▸ Work required
Transcribe the records below. Leave every line exactly as written.

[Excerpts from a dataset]
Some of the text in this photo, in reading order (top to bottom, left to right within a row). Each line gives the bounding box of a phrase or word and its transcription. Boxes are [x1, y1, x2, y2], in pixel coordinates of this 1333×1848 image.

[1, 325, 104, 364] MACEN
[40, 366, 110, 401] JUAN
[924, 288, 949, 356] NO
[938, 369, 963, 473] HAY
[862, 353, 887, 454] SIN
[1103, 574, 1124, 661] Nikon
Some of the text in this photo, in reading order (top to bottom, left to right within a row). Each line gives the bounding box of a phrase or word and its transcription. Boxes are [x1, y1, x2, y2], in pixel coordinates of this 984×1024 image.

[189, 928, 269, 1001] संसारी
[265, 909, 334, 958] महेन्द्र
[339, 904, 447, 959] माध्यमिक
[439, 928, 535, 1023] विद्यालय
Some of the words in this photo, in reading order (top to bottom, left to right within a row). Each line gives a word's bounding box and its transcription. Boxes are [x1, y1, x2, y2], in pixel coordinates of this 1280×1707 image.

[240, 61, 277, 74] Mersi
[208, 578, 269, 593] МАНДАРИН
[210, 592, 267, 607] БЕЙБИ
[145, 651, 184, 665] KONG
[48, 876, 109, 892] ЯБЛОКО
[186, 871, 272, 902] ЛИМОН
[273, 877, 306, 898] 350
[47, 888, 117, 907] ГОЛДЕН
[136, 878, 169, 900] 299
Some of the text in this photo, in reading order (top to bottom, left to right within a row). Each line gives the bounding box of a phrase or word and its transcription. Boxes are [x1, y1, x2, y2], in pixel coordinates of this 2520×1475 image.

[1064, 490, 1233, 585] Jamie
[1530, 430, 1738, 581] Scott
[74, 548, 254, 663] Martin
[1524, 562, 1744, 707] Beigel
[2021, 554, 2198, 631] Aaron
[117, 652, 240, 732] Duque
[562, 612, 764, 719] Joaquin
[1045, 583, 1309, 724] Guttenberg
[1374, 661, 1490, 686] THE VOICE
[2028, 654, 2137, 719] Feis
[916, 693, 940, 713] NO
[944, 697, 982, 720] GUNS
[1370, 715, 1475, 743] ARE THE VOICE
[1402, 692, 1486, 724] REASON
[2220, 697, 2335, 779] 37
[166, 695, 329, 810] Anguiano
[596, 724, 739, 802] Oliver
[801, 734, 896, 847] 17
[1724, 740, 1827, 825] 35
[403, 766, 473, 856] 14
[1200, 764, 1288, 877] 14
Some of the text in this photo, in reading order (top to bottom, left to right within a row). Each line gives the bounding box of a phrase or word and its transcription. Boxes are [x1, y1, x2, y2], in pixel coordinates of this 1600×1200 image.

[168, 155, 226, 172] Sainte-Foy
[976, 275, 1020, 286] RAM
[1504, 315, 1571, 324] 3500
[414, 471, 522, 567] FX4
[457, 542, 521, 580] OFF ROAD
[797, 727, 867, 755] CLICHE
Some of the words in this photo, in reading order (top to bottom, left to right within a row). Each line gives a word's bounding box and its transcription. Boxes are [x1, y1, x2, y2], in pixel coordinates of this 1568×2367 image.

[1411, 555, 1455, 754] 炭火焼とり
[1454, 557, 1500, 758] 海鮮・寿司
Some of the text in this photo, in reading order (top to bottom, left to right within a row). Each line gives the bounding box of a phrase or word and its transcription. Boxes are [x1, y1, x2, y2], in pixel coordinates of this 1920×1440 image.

▸ Solution below
Some of the text in this photo, in reading order (top to bottom, left to right within a row). Each line gives the bounding box of a phrase or word and its transcription. Boxes are [x1, y1, x2, y2], in pixel coordinates of this 1333×1848 image.

[1, 325, 104, 364] MACEN
[40, 366, 110, 401] JUAN
[924, 288, 949, 356] NO
[938, 369, 963, 473] HAY
[862, 353, 887, 454] SIN
[1103, 574, 1124, 661] Nikon
Some of the text in this photo, in reading order (top to bottom, left to right within a row). Each line gives the bounding box of a phrase or word and its transcription. Boxes are [x1, y1, x2, y2], in pixel coordinates of this 984×1024 image.

[189, 928, 269, 1001] संसारी
[265, 909, 334, 958] महेन्द्र
[339, 904, 447, 959] माध्यमिक
[439, 928, 535, 1023] विद्यालय
Some of the words in this photo, in reading order (top to bottom, left to right within a row). Each line gives a word's bounding box and its transcription. Boxes are [x1, y1, x2, y2], in pixel coordinates of this 1280×1707 image.

[240, 61, 277, 74] Mersi
[208, 578, 269, 593] МАНДАРИН
[210, 592, 267, 607] БЕЙБИ
[145, 651, 184, 665] KONG
[48, 876, 109, 892] ЯБЛОКО
[186, 871, 272, 902] ЛИМОН
[273, 877, 306, 898] 350
[47, 888, 117, 907] ГОЛДЕН
[136, 878, 169, 900] 299
Some of the text in this photo, in reading order (top to bottom, left to right within a row). Each line gives the bounding box of a phrase or word and its transcription. Boxes are [x1, y1, x2, y2], in pixel coordinates of this 2520×1475 image.

[1064, 490, 1233, 585] Jamie
[1530, 430, 1738, 581] Scott
[74, 548, 254, 663] Martin
[1524, 562, 1744, 707] Beigel
[2021, 554, 2198, 631] Aaron
[117, 652, 240, 732] Duque
[562, 612, 764, 719] Joaquin
[1045, 583, 1309, 724] Guttenberg
[1374, 661, 1490, 686] THE VOICE
[2028, 654, 2137, 719] Feis
[916, 693, 940, 713] NO
[944, 697, 982, 720] GUNS
[1370, 715, 1475, 743] ARE THE VOICE
[1402, 692, 1486, 724] REASON
[2220, 697, 2335, 779] 37
[166, 695, 329, 810] Anguiano
[596, 724, 739, 802] Oliver
[801, 734, 896, 847] 17
[1724, 740, 1827, 825] 35
[403, 766, 473, 856] 14
[1200, 764, 1288, 877] 14
Some of the text in this photo, in reading order (top to bottom, left to right within a row). Each line gives the bounding box of a phrase or word and its transcription. Boxes are [x1, y1, x2, y2], in pixel coordinates of this 1600×1200 image.

[168, 155, 226, 172] Sainte-Foy
[976, 275, 1020, 286] RAM
[1504, 315, 1571, 324] 3500
[414, 471, 522, 567] FX4
[457, 542, 521, 580] OFF ROAD
[797, 727, 867, 755] CLICHE
Some of the words in this photo, in reading order (top to bottom, left to right within a row). Each line gives a word's bounding box and its transcription. Boxes are [x1, y1, x2, y2], in pixel coordinates of this 1568×2367 image.

[1411, 555, 1455, 754] 炭火焼とり
[1454, 557, 1500, 758] 海鮮・寿司
Some of the text in this photo, in reading order (top to bottom, left to right within a row). Each line gives the bounding box of a phrase or word and its transcription. Boxes are [x1, y1, x2, y2], in pixel coordinates of this 1920×1440 image.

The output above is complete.